Haiti protests slow cholera treatment for Matthew victims (Oct. 19, 2016)

News Briefs
  • Protests over slow aid in Haiti are complicating cholera treatment in remote areas cut off by Hurricane Matthew destruction, said a U.N. official. Many roads in the country's most affected southwest area remain impassable, while others are barricaded by affected communities desperate for aid. Humanitarian convoys have also been looted. A teenager was shot in the chest yesterday by police defending a truck in Les Cayes -- spurring anger at use of live ammunition by security forces, reports Reuters.
  • Venezuelan authorities delayed elections for state governors, expected for this December, until midway through next year, reports Reuters. The opposition says the change is unconstitutional, reports the BBC. Critics say its a move intended to buy the government time for an oil price recovery to help boost popularity. President Nicolás Maduro also warned that many opposition parties need to renew their status with the electoral board to participate next year.
  • Doctors in Venezuela say acute medicine shortages are threatening to reverse decades of health gains, reports the Guardian.
  • Representatives of Colombia's right-wing opposition could meet with FARC leaders to discuss modifications to the peace deal between the guerrillas and the government which voters narrowly rejected earlier this month, reports Reuters. "We think that at this time, in the interest of a national deal, spokespeople from "No" could at some point speak with the FARC," said former President Álvaro Uribe, who has led the campaign against the pact, to the press yesterday.
  • Foreign Affairs piece by Shannon O'Neill of the Council on Foreign Relations looks at how populism has played out in Latin America, from a very critical standpoint. "Latin America’s struggles with populism, although far from over, offer some hints about where the current upsurge in populist rhetoric in the United States and Europe might lead. History shows that populism polarizes societies, weakens economies, and undermines representative democracy. But Latin America’s experience also demonstrates that democratic decline is not inevitable, that citizens’ movements can reform institutions and defend them against would-be populists, and that the disenfranchised will not tolerate empty promises forever."
  • Mexican officials are reportedly looking for former Veracruz governor Javier Duarte, who stepped down last week. He is suspected of corruption, reports the Associated Press. A day after a judge issued an arrest warrant for his apprehension, he is also accused of connections with criminal organizations, he apparently escaped the area in a helicopter, reports Animal Político.
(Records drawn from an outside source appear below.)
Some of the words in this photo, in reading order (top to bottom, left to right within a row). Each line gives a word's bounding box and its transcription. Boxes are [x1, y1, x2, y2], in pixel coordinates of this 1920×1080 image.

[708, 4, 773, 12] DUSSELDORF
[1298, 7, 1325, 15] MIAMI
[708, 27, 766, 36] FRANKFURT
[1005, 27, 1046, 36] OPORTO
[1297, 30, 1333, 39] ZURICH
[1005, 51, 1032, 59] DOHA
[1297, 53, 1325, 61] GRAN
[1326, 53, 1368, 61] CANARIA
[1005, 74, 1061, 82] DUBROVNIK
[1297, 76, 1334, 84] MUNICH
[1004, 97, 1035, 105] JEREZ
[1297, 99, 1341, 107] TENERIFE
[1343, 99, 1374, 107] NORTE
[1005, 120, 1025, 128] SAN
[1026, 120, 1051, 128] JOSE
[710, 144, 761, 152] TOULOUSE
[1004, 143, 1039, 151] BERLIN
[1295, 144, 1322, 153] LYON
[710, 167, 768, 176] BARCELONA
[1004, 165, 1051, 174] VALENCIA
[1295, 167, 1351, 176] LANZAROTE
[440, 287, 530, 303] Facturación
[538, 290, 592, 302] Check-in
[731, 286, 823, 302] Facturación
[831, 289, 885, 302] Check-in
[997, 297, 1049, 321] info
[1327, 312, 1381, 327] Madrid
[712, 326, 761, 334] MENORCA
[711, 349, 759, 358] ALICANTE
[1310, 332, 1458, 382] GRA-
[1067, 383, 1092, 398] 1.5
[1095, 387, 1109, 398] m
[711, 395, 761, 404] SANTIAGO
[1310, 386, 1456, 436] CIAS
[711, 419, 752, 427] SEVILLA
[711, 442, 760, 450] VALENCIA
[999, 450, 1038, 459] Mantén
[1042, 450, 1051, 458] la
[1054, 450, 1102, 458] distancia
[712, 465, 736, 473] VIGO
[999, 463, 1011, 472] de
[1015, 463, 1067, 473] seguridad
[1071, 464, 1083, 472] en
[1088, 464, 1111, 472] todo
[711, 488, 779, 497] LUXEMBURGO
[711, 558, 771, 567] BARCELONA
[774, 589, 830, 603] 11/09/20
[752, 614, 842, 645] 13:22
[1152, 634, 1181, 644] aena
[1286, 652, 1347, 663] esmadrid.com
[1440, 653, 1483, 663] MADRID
  • A Mexican federal judge was killed by an unknown assassin in broad daylight while on his morning jog, a case that demonstrates the rampant violence and problem of impunity in the country, reports the Los Angeles Times.
  • Black Wednesday: Hundreds of thousands of women are expected to join a national "women's strike" today in Argentina, in demand for better protections against gender violence and femicide. The protest, which will last an hour this afternoon and will be followed by marches, was spurred by the rape and torture of a 16-year-old in Mar del Plata, who died of cardiac arrest as a result of the attacks, reports the Guardian. Statistics show that a woman is killed every thirty hours in Argentina in gender related crime. (See yesterday's briefs.)
  • Peruvian President Pedro Pablo Kuczynski is cracking down on corruption, including a measure that would bar employees convicted of graft from ever returning to a state job, reports the BBC. He announced the drive after a leaked tape appears to implicate an advisor in a corruption scheme, a scandal which has hit the president's approval ratings.
  • The Cuban government led a series of protests against U.S. policy towards the island, just as U.S. President Obama seeks to make the rapprochement "irreversible." Cuban officials demand an end to the embargo, reports the Miami Herald.
  • Families of children afflicted with Zika related disabilities in Brazil say the government support they receive is insufficient, considering the magnitude of health problems the babies face, reports the Associated Press.
  • Mexico has entered the marriage wars debate with vengeance, after President Enrique Peña Nieto suggested a constitutional reform to legalize gay marriage earlier this year, up to a million people marched agains the initiative last month. In the Conversation, Adán Echeverría-García analyzes the struggle in a country where most people identify strongly as Roman Catholic, but where attitudes towards issues such as gay adoption are evolving.